A Missouri inmate convicted in a 1998 double homicide was executed by lethal injection after the U.S. Supreme Court and Gov. Jay Nixon denied pleas for clemency, according to a Sept. 9 news release from Nixon’s office.
Earl Ringo Jr. was found guilty and later confessed to the murders of Dennis Poyser and Joanna Baysinger at a Columbia restaurant. His accomplice, Quentin Jones, avoided the death penalty by testifying against Ringo. Jones is currently serving a life sentence, according to court documents.
Nixon received an organized petition from the American Civil Liberties Union (ACLU) requesting the postponement of Ringo’s execution, but he decided to let the sentence carry out as initially scheduled.
“The evidence that was presented at trial left no doubt about Ringo’s guilt,” Nixon said in the release. “My denial of clemency upholds the court’s decision to impose the death penalty for these two murders.”
Missouri Attorney General Chris Koster was also in the public eye in relation to Ringo’s execution. He asked protesters to remember the severity of Ringo’s crime in a Sept. 10 public statement.
“It should not be lost in the national debate over the death penalty that Earl Ringo, Jr. was responsible for the murders of two innocent Missourians,” Koster said. “For 16 years he avoided payment for this crime. Tonight, he has paid the penalty.”
Nixon and Koster are noted advocates of the death penalty. Since they both assuming their respective offices in 2009, they have overseen the execution of 12 death row inmates, including eight inmates in 2014 alone. No other state has put as many to death in such a short amount of time.
Missouri’s efficiency in this matter has drawn a significant amount of criticism from the anti-death penalty public.
Mary Ratliff, president of Missouri NAACP, says her organization has long been fighting for the abolition of the death penalty in Missouri. Ratliff wrote several letters to the governor’s office and attended the Vigil for Life protest outside Boone County Courthouse prior to Ringo’s execution on Sept. 10.
“We think that (the death penalty) is barbaric,” Ratliff said. “You don’t want to be known as the state with the highest number of executions per year.”
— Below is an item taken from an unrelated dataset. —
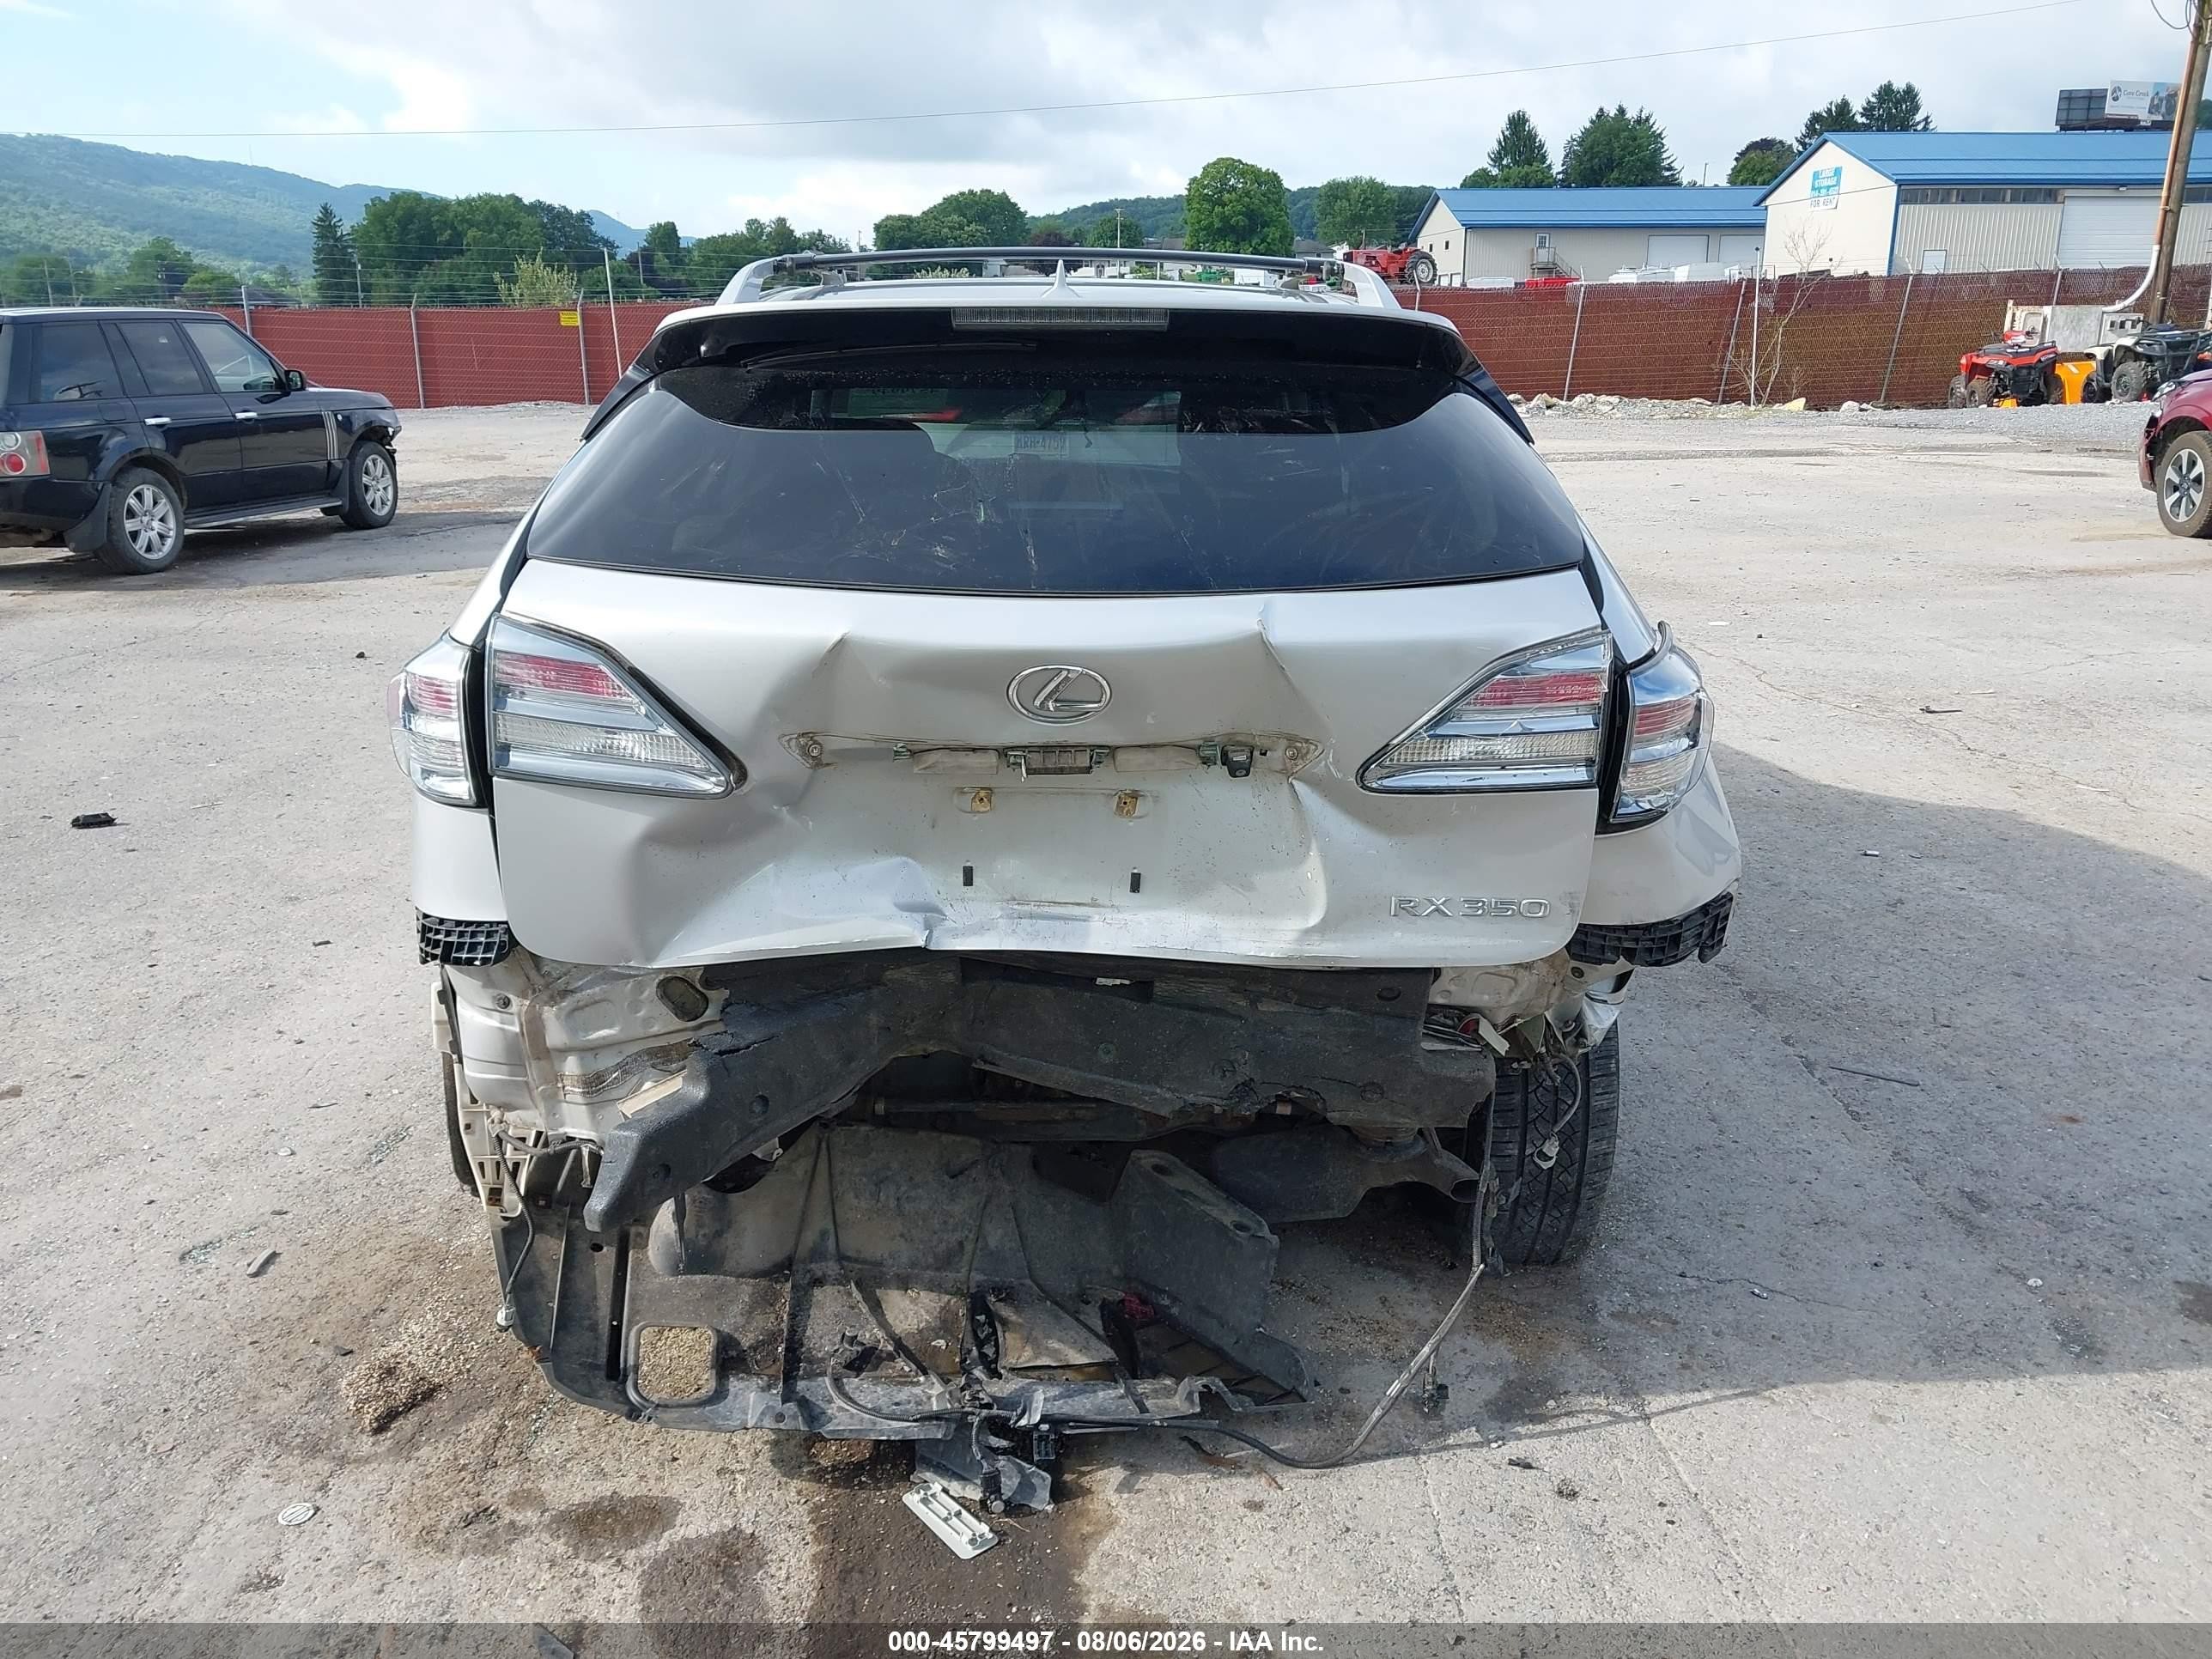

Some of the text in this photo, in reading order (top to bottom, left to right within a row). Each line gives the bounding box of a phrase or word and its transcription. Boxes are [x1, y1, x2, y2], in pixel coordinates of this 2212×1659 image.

[1814, 176, 1838, 188] STORAGE
[1810, 197, 1836, 208] FOR RENT
[1390, 896, 1552, 918] RX 350
Entering the public conscious so soon after the death of Michael Brown and the protests in Ferguson, the execution of Ringo has received much public attention, Ratliff said.
Ratliff said she thinks the two events are connected in that they both shed light on what she perceives as institutionalized racism within Missouri’s legal system.
“There is a disparity in death sentencing for African-American folks,” Ratliff said. “You’re supposed to be judged by a jury of your peers. Certainly, the racial climate in this country does not lend itself to an African-American person receiving a fair trial. We are very disturbed about the fact that there was an all-white judge, jury and prosecutor.”
Ringo’s execution has also garnered attention as a result of the petition filed to Nixon as part of recent concern over the use of midazolam, a sedative that has been linked to botched executions in Ohio, Oklahoma and Arizona.
During a deposition in January 2014, Missouri Department of Corrections Director George Lombardi swore under oath that the state would not use midazolam in lethal injection executions due to its controversial nature. According to an investigative report conducted by St. Louis Public Radio, Missouri has since carried out seven executions using midazolam as a sedative.
Midazolam is a uniquely powerful sedative and, according to the Mayo Clinic’s website, is “used to produce sleepiness or drowsiness and relieve anxiety before surgery or certain procedures. It is given only by or under the immediate supervision of a doctor trained to use this medicine.”
Usually, medical doctors refuse to participate in lethal injection procedures because of the Hippocratic oath. The administration of the lethal drugs is normally left to an execution team comprised of prison employees.
As Missouri garners national attention for its continued use of midazolam, the attorney general’s office said the sedative is used as part of a “pre-execution” procedure and therefore cannot be considered part of the lethal injection execution itself.